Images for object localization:

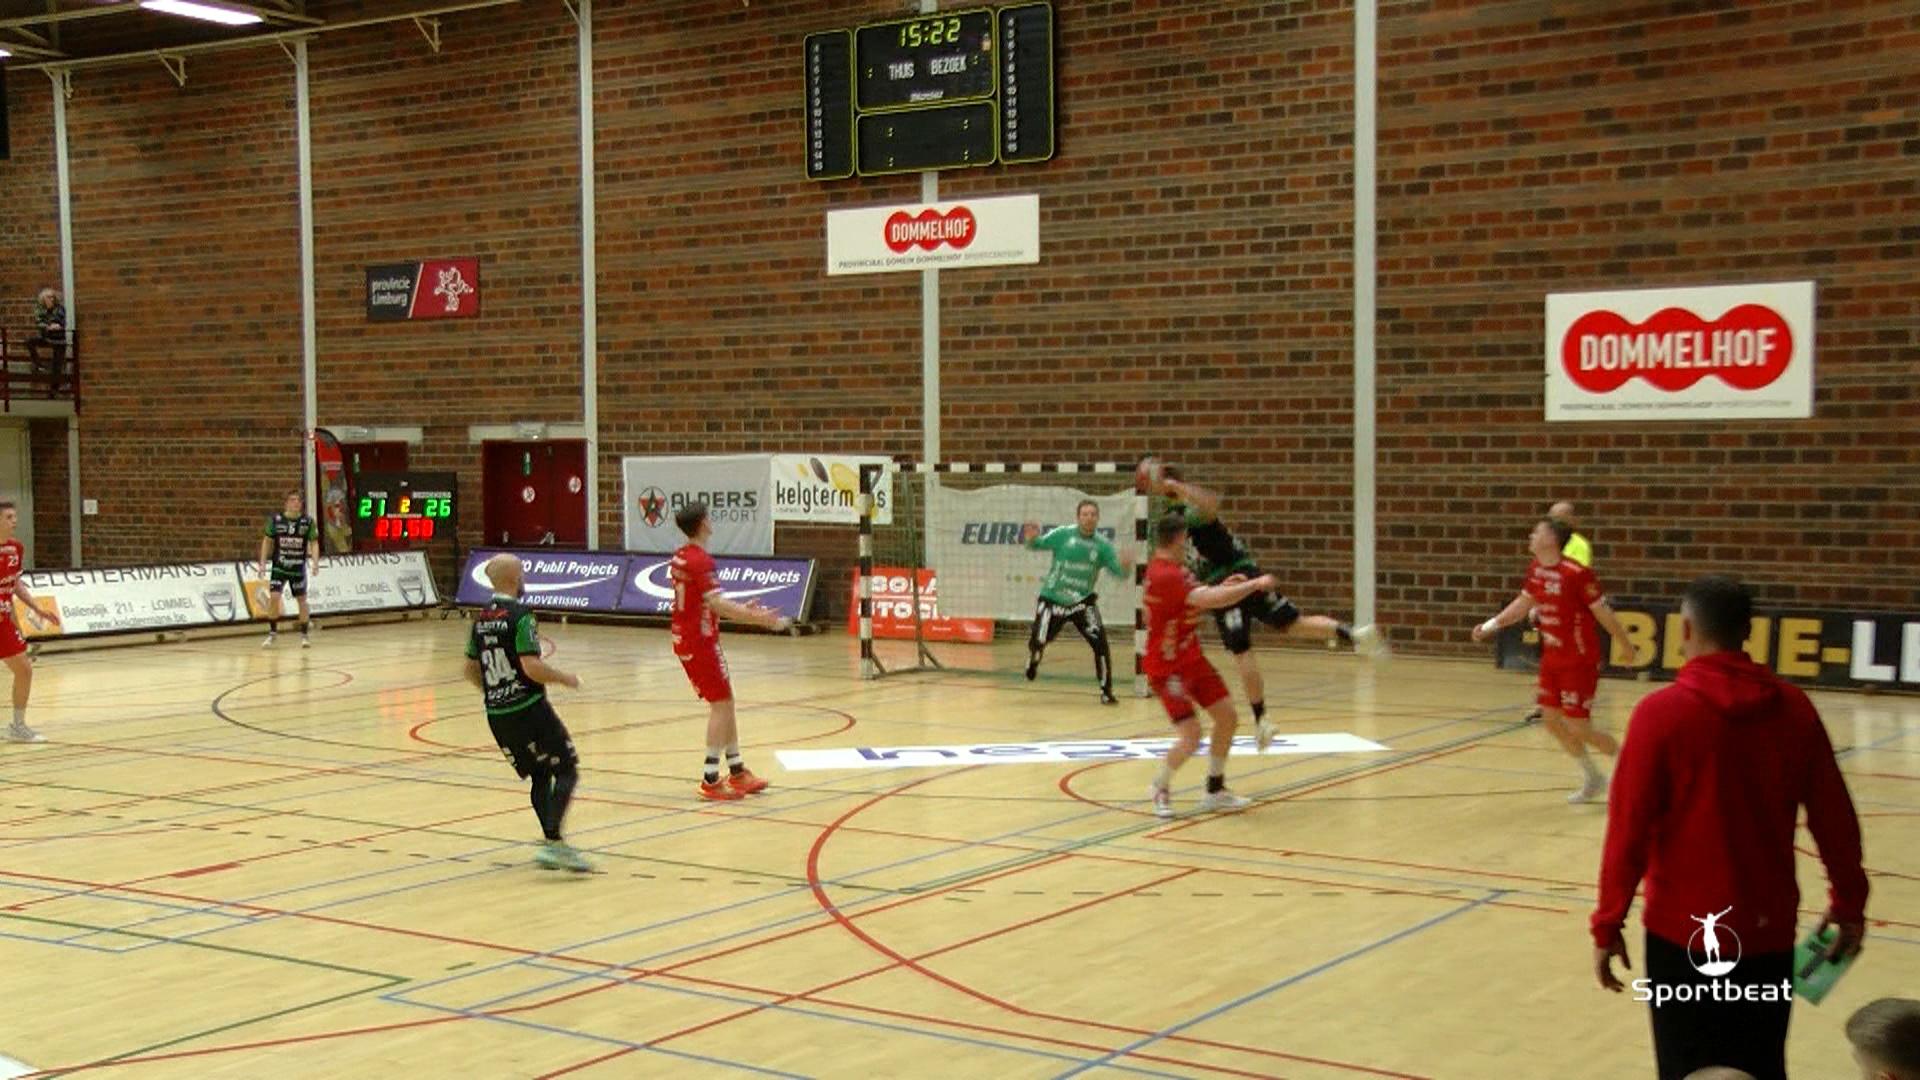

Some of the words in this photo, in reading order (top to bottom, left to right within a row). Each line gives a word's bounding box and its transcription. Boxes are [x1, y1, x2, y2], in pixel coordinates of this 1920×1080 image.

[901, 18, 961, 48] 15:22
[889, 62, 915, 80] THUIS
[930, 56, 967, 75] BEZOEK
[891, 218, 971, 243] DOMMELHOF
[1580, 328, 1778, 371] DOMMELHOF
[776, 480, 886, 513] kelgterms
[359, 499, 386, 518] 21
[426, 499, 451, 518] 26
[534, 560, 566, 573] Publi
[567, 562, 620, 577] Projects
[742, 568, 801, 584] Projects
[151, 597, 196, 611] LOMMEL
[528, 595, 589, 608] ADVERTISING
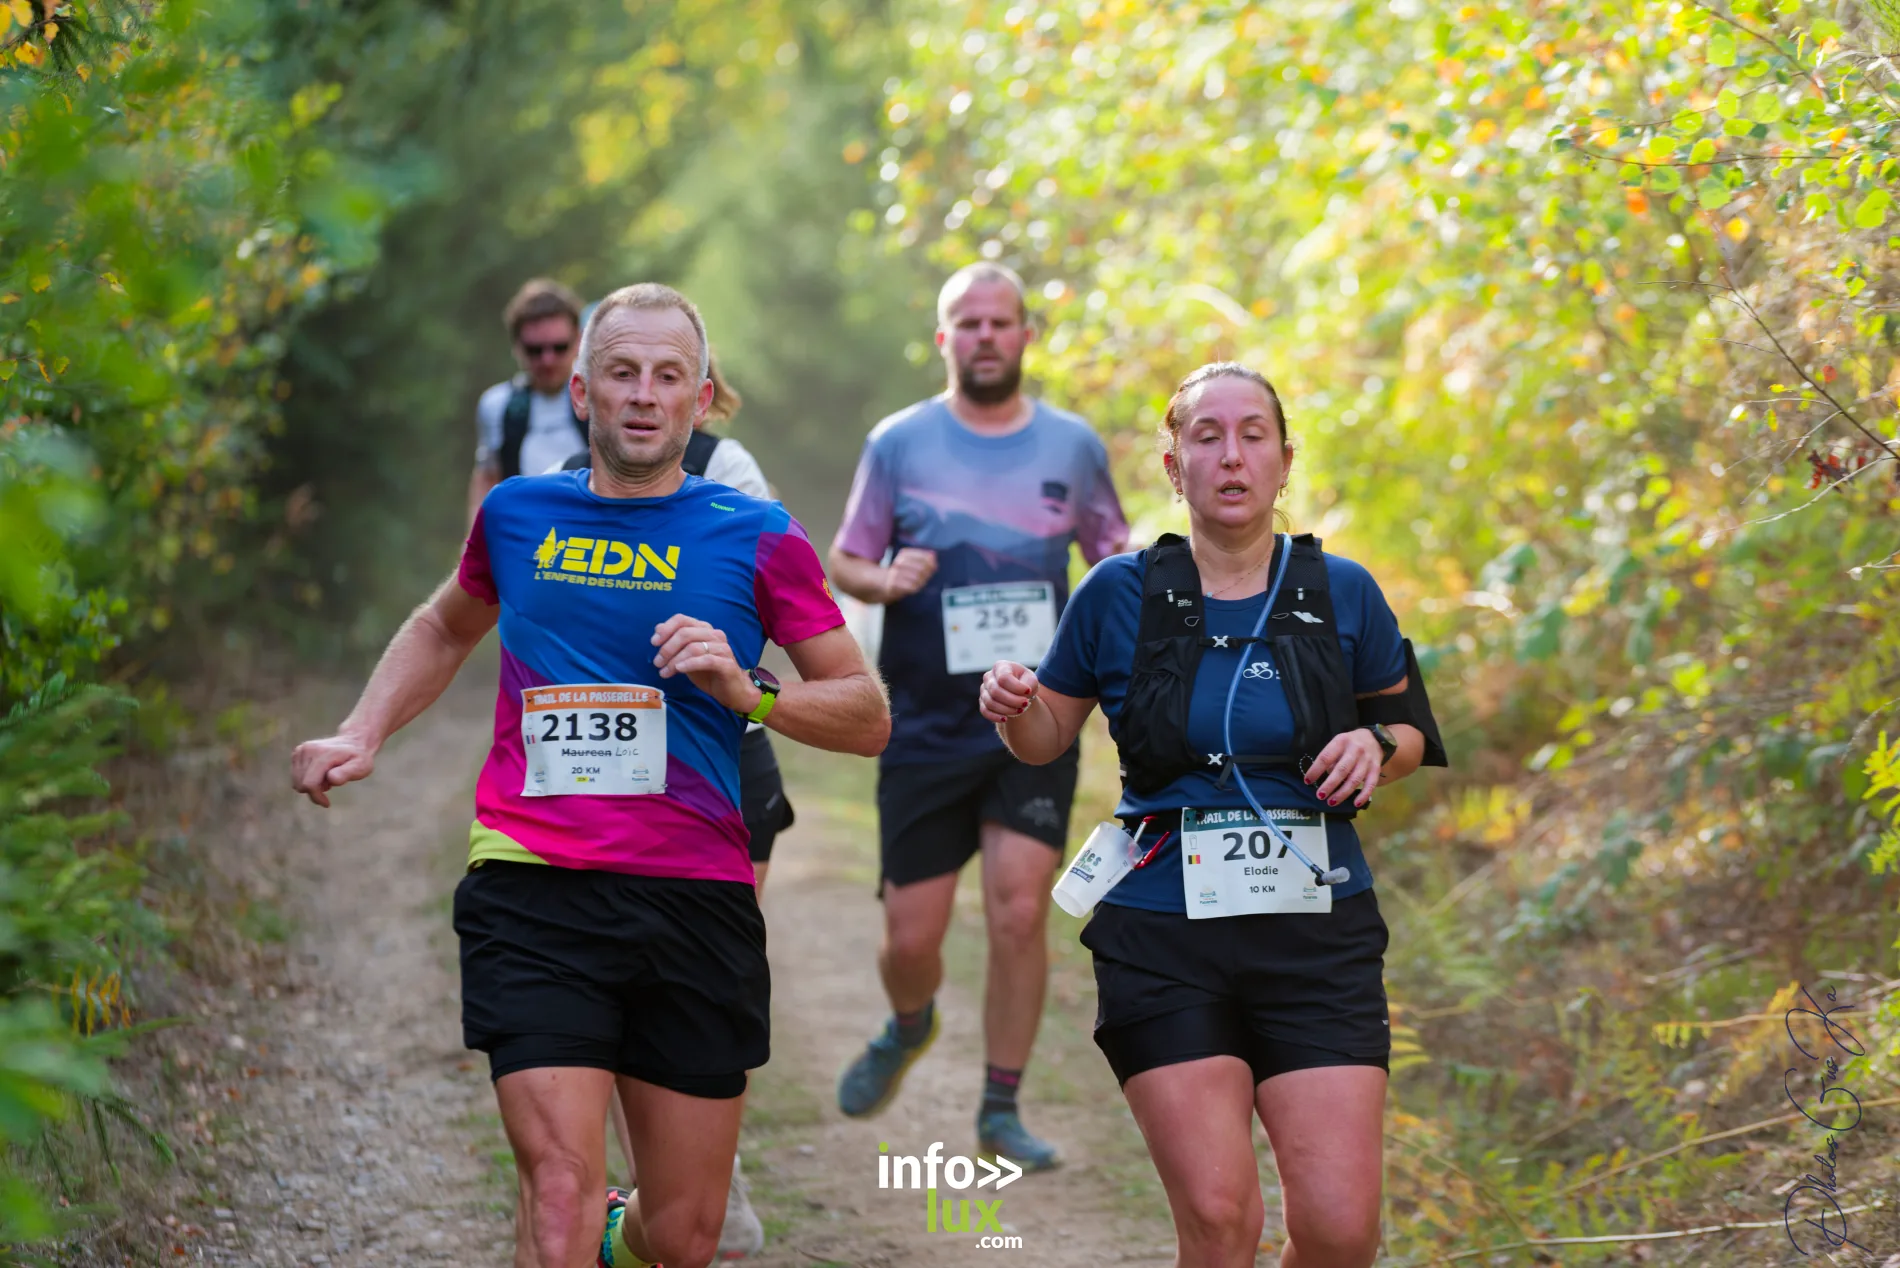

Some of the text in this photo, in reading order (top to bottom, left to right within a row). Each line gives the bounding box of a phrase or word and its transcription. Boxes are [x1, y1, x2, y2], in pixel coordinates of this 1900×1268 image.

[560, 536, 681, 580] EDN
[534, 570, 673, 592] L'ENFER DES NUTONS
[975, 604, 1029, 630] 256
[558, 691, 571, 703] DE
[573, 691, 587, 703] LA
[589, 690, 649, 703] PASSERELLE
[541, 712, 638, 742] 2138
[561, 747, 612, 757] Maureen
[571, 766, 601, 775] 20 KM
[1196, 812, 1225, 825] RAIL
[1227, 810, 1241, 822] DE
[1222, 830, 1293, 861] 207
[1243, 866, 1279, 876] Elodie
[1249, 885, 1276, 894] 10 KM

**Task requirements:**
A verbatim copy of every record is required, with all pictures excluded.

**Final answer:**
Some of the words in this photo, in reading order (top to bottom, left to right within a row). Each line gives a word's bounding box and its transcription. Boxes are [x1, y1, x2, y2], in pixel coordinates of this 1920×1080 image.

[901, 18, 961, 48] 15:22
[889, 62, 915, 80] THUIS
[930, 56, 967, 75] BEZOEK
[891, 218, 971, 243] DOMMELHOF
[1580, 328, 1778, 371] DOMMELHOF
[776, 480, 886, 513] kelgterms
[359, 499, 386, 518] 21
[426, 499, 451, 518] 26
[534, 560, 566, 573] Publi
[567, 562, 620, 577] Projects
[742, 568, 801, 584] Projects
[151, 597, 196, 611] LOMMEL
[528, 595, 589, 608] ADVERTISING

Some of the text in this photo, in reading order (top to bottom, left to right within a row). Each line gives the bounding box of a phrase or word and its transcription. Boxes are [x1, y1, x2, y2], in pixel coordinates of this 1900×1268 image.

[560, 536, 681, 580] EDN
[534, 570, 673, 592] L'ENFER DES NUTONS
[975, 604, 1029, 630] 256
[558, 691, 571, 703] DE
[573, 691, 587, 703] LA
[589, 690, 649, 703] PASSERELLE
[541, 712, 638, 742] 2138
[561, 747, 612, 757] Maureen
[571, 766, 601, 775] 20 KM
[1196, 812, 1225, 825] RAIL
[1227, 810, 1241, 822] DE
[1222, 830, 1293, 861] 207
[1243, 866, 1279, 876] Elodie
[1249, 885, 1276, 894] 10 KM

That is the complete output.